Data shown:
==========

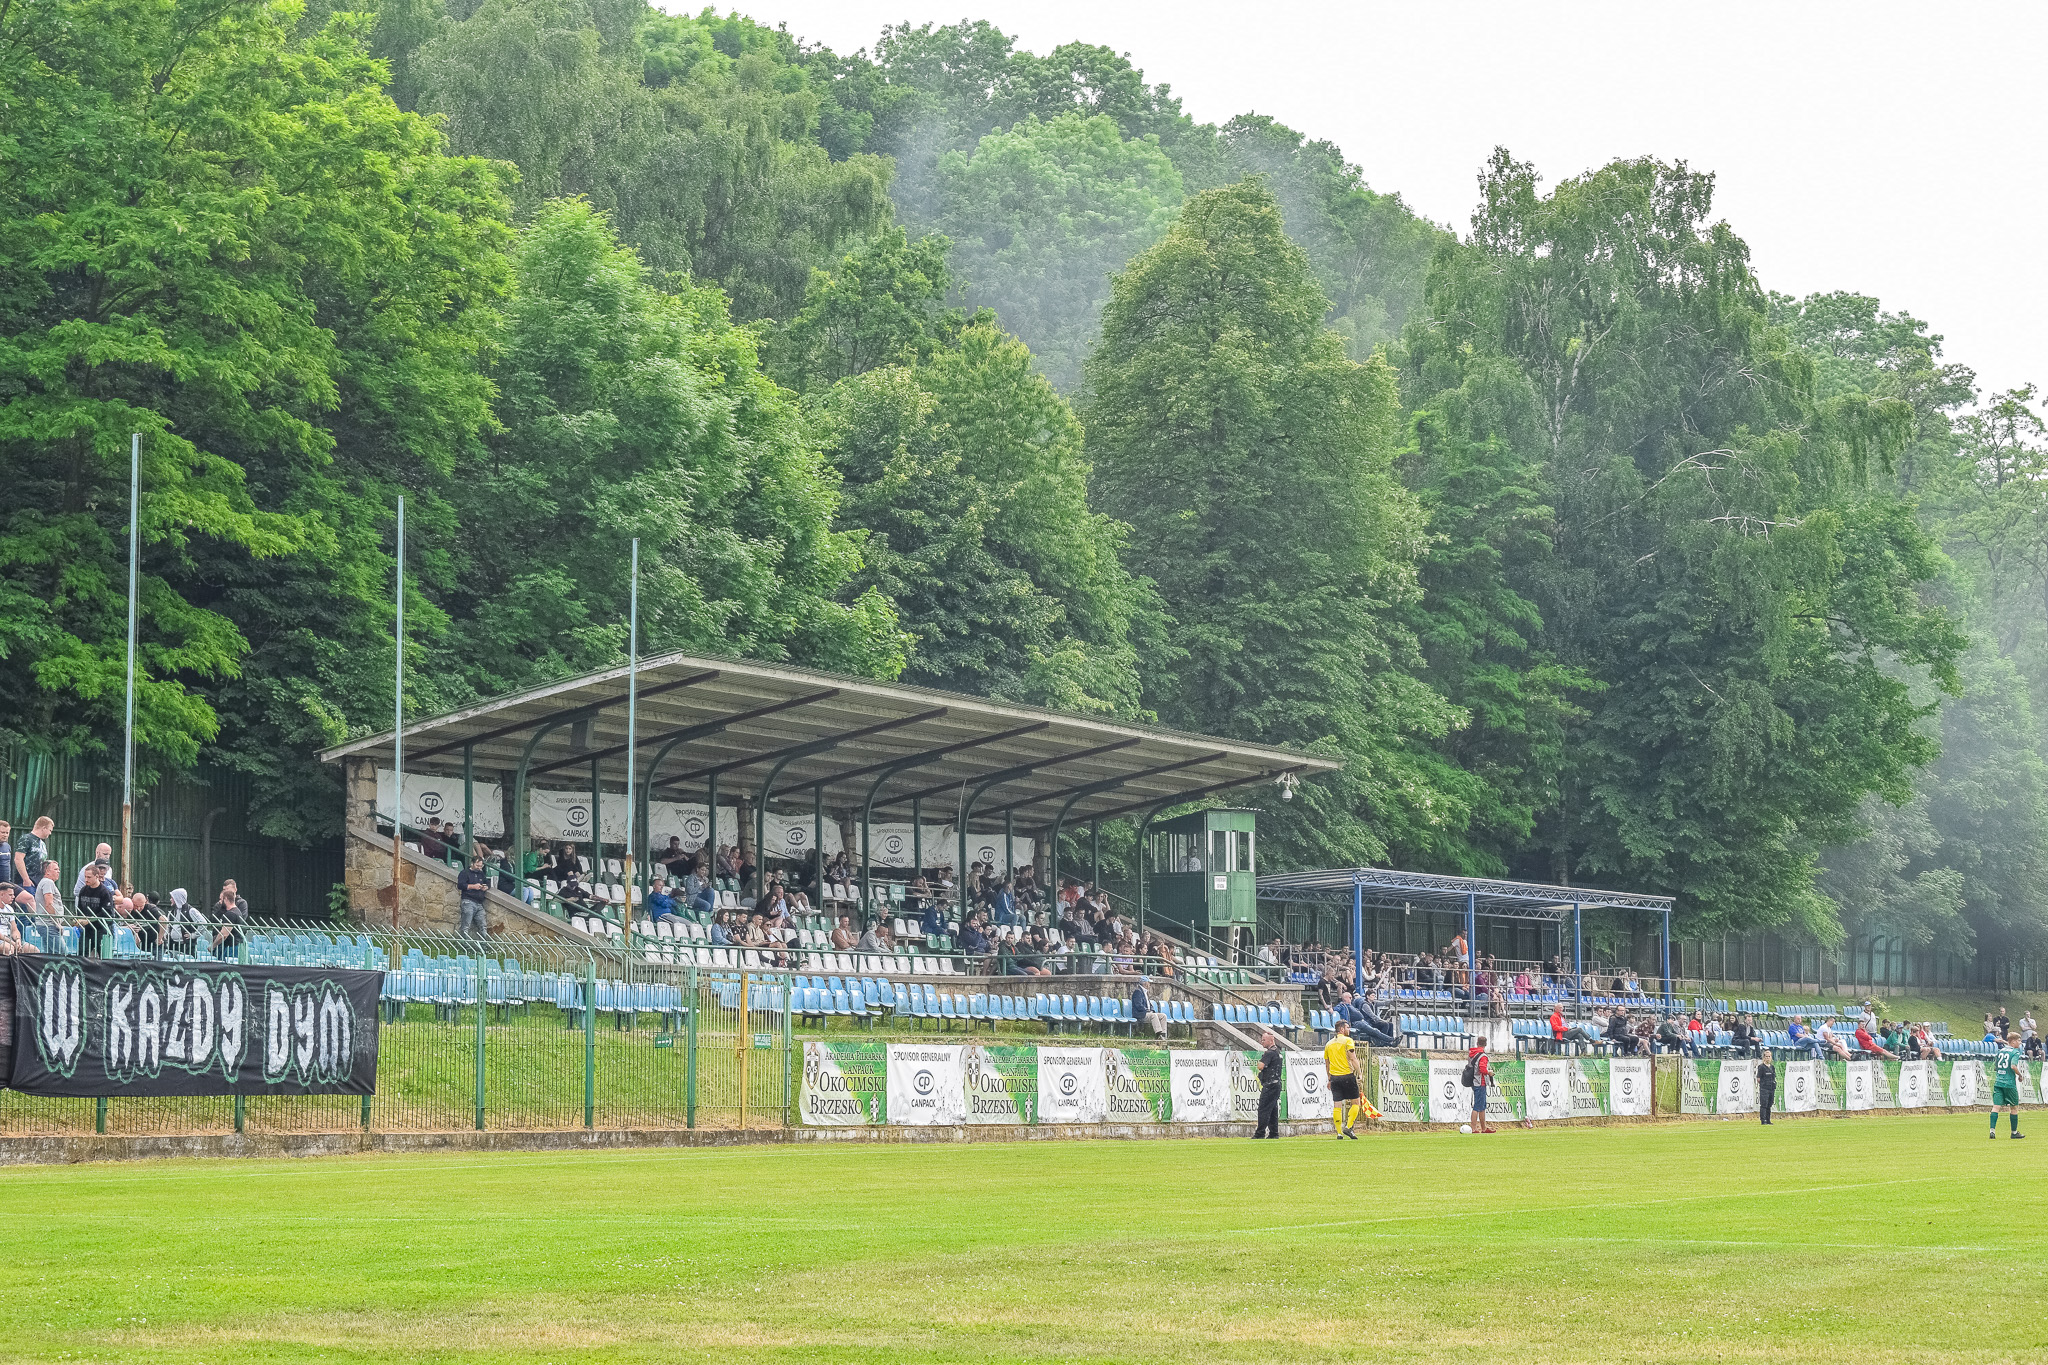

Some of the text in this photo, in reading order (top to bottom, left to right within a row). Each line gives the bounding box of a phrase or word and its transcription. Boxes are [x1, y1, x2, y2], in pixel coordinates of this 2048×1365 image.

[562, 830, 589, 838] CANPACK
[883, 856, 904, 864] CANPACK
[42, 969, 351, 1078] W KAŻDY DYM
[894, 1052, 951, 1062] SPONSOR GENERALNY
[1044, 1056, 1092, 1066] SPONSOR GENERALNY
[1998, 1053, 2009, 1069] 23
[842, 1062, 875, 1075] CANPACK
[1175, 1059, 1194, 1068] SPONSOR
[820, 1072, 885, 1092] OKOCIMSKI
[981, 1074, 1038, 1093] OKOCIMSKI
[1117, 1075, 1169, 1093] OKOCIMSKI
[809, 1095, 863, 1115] BRZESKO
[911, 1099, 936, 1108] CANPACK
[972, 1095, 1018, 1114] BRZESKO
[1058, 1099, 1079, 1107] CANPACK
[1110, 1095, 1152, 1113] BRZESKO
[1187, 1099, 1206, 1107] CANPACK
[1302, 1097, 1319, 1105] CANPACK
[1383, 1097, 1414, 1114] BRZESKO
[1486, 1103, 1512, 1114] RZESKO
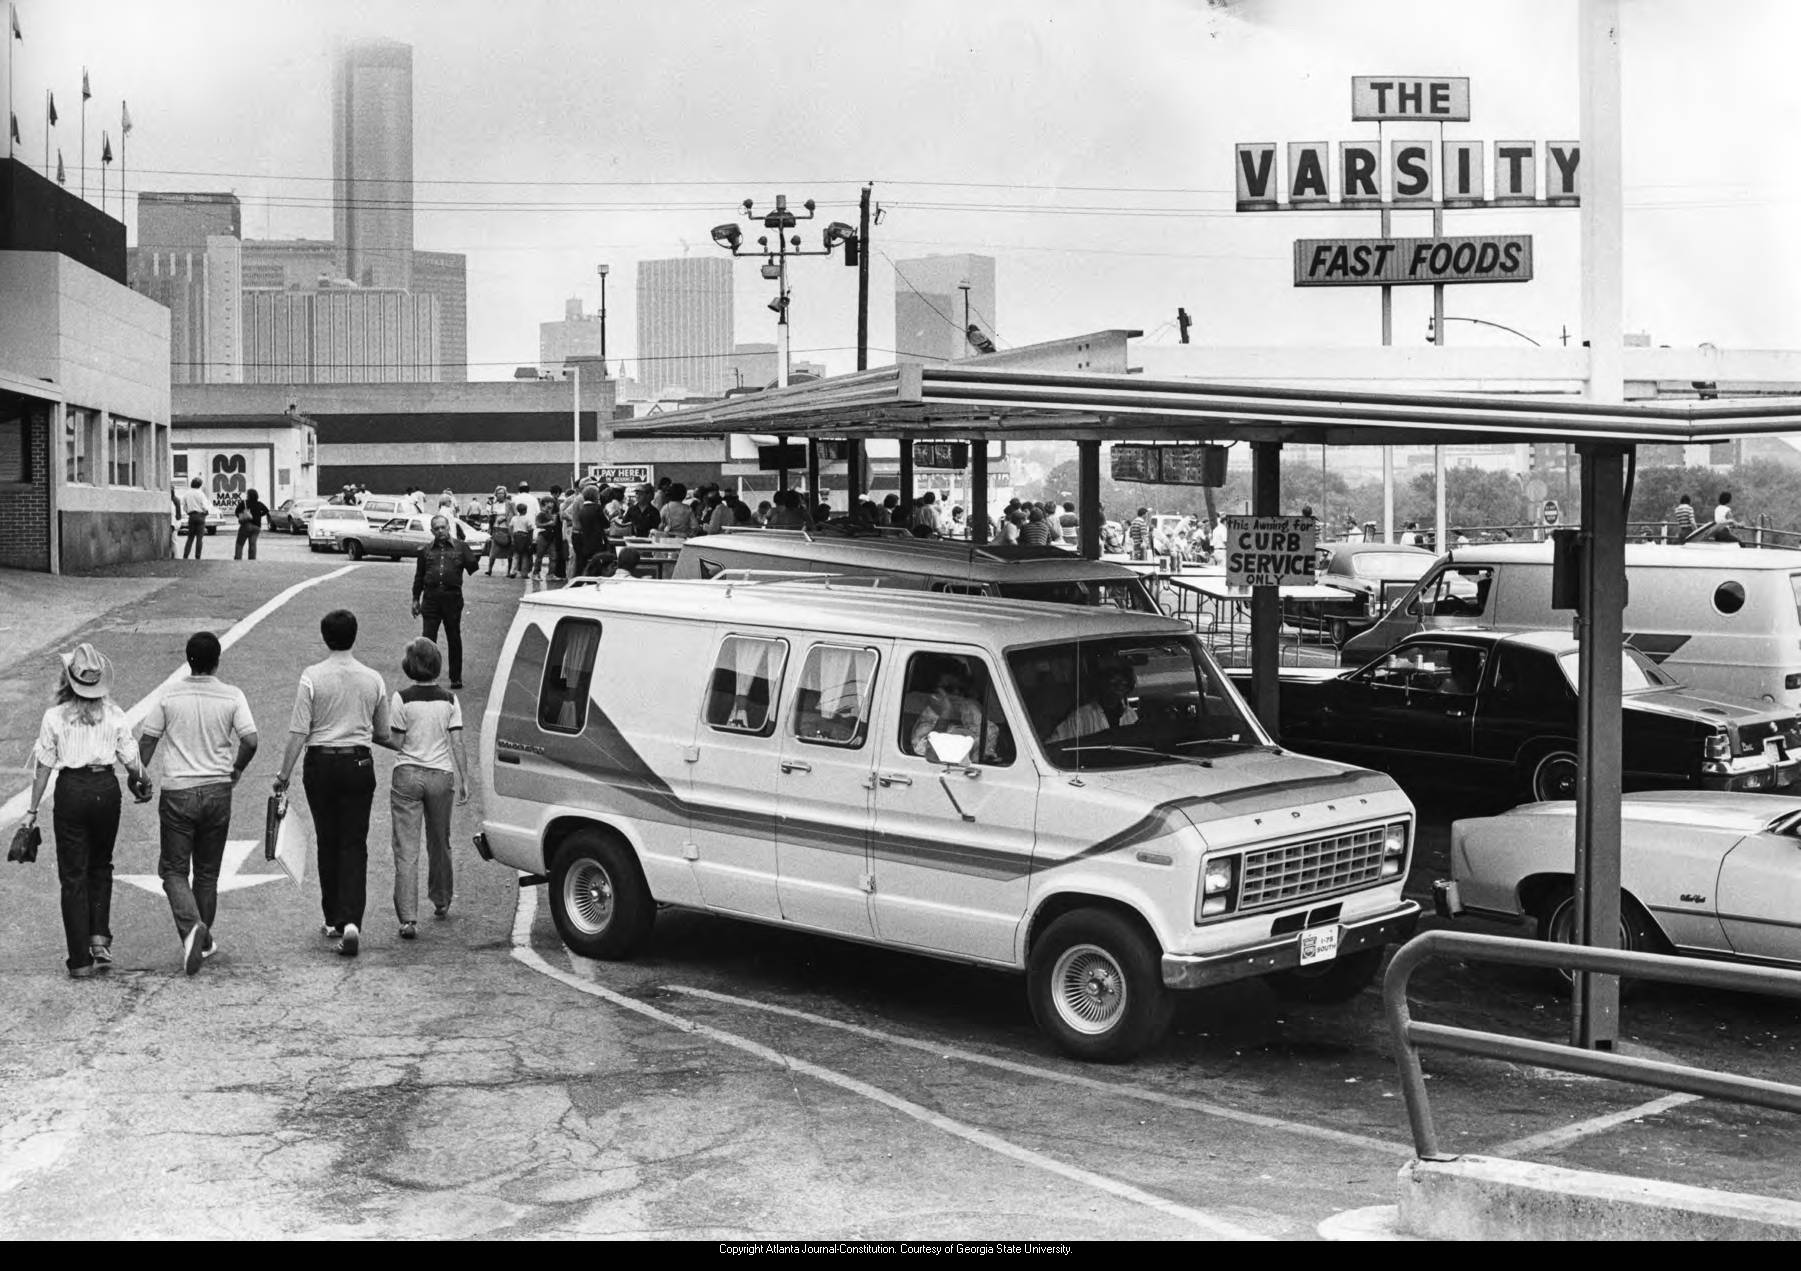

==========

The answer should hold every line of the listing, copied exactly, with no pictures.

Some of the text in this photo, in reading order (top to bottom, left to right within a row). Each line gives the bounding box of a phrase or word and its transcription. Boxes are [x1, y1, x2, y2], in pixel coordinates of this 2048×1365 image.

[562, 830, 589, 838] CANPACK
[883, 856, 904, 864] CANPACK
[42, 969, 351, 1078] W KAŻDY DYM
[894, 1052, 951, 1062] SPONSOR GENERALNY
[1044, 1056, 1092, 1066] SPONSOR GENERALNY
[1998, 1053, 2009, 1069] 23
[842, 1062, 875, 1075] CANPACK
[1175, 1059, 1194, 1068] SPONSOR
[820, 1072, 885, 1092] OKOCIMSKI
[981, 1074, 1038, 1093] OKOCIMSKI
[1117, 1075, 1169, 1093] OKOCIMSKI
[809, 1095, 863, 1115] BRZESKO
[911, 1099, 936, 1108] CANPACK
[972, 1095, 1018, 1114] BRZESKO
[1058, 1099, 1079, 1107] CANPACK
[1110, 1095, 1152, 1113] BRZESKO
[1187, 1099, 1206, 1107] CANPACK
[1302, 1097, 1319, 1105] CANPACK
[1383, 1097, 1414, 1114] BRZESKO
[1486, 1103, 1512, 1114] RZESKO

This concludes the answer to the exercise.